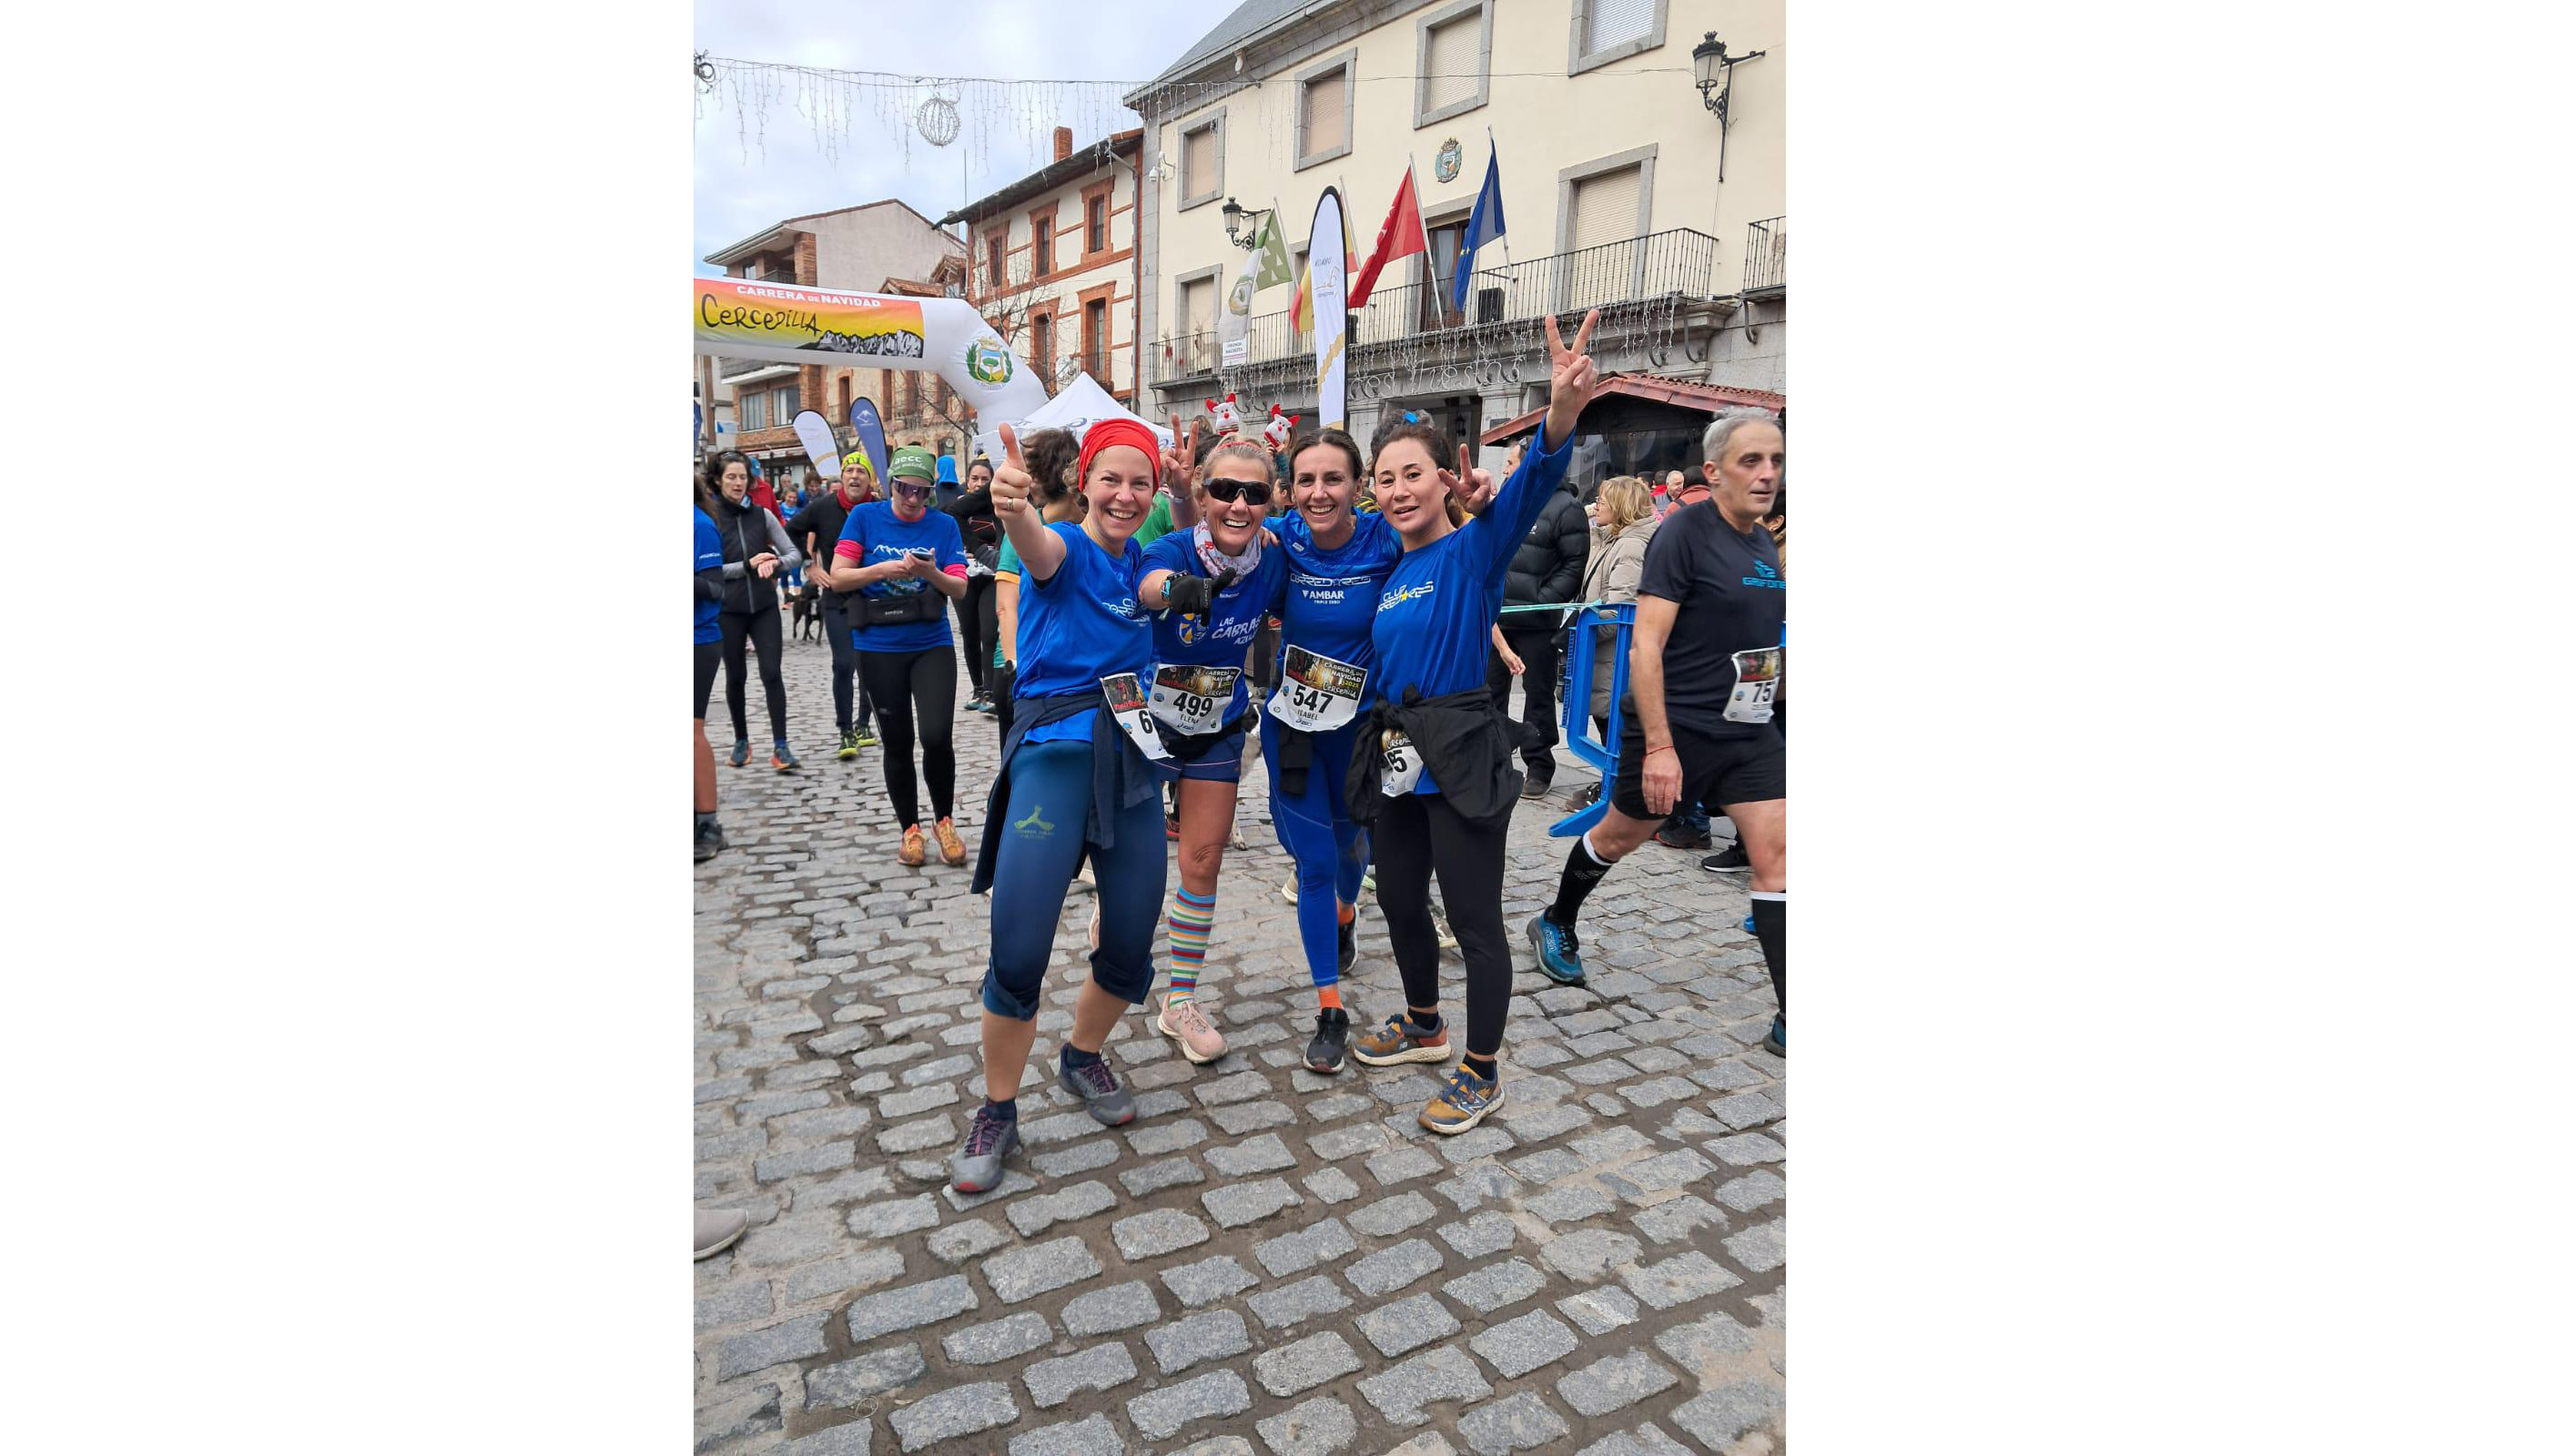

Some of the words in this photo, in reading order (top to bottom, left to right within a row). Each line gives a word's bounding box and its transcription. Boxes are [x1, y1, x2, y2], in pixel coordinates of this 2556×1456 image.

[736, 286, 805, 300] CARRERA
[807, 295, 820, 303] DE
[820, 293, 881, 308] NAVIDAD
[895, 456, 923, 465] aecc
[1309, 590, 1345, 600] AMBAR
[1212, 613, 1263, 640] CABRAS
[1219, 616, 1235, 627] LAS
[1324, 662, 1355, 675] CARRERA
[1332, 671, 1363, 682] NAVIDAD
[1173, 693, 1213, 717] 499
[1293, 684, 1334, 713] 547
[1297, 710, 1319, 721] ISABEL
[1387, 749, 1407, 773] 5

++++++++++++++++++++

INSTRUCTIONS FOR THE TASK
Write out every entry exactly. Pictures do not belong in the copy.

OUTPUT OF THE TASK
Some of the words in this photo, in reading order (top to bottom, left to right within a row). Each line gives a word's bounding box and its transcription. Boxes are [x1, y1, x2, y2], in pixel coordinates of this 2556×1456 image.

[736, 286, 805, 300] CARRERA
[807, 295, 820, 303] DE
[820, 293, 881, 308] NAVIDAD
[895, 456, 923, 465] aecc
[1309, 590, 1345, 600] AMBAR
[1212, 613, 1263, 640] CABRAS
[1219, 616, 1235, 627] LAS
[1324, 662, 1355, 675] CARRERA
[1332, 671, 1363, 682] NAVIDAD
[1173, 693, 1213, 717] 499
[1293, 684, 1334, 713] 547
[1297, 710, 1319, 721] ISABEL
[1387, 749, 1407, 773] 5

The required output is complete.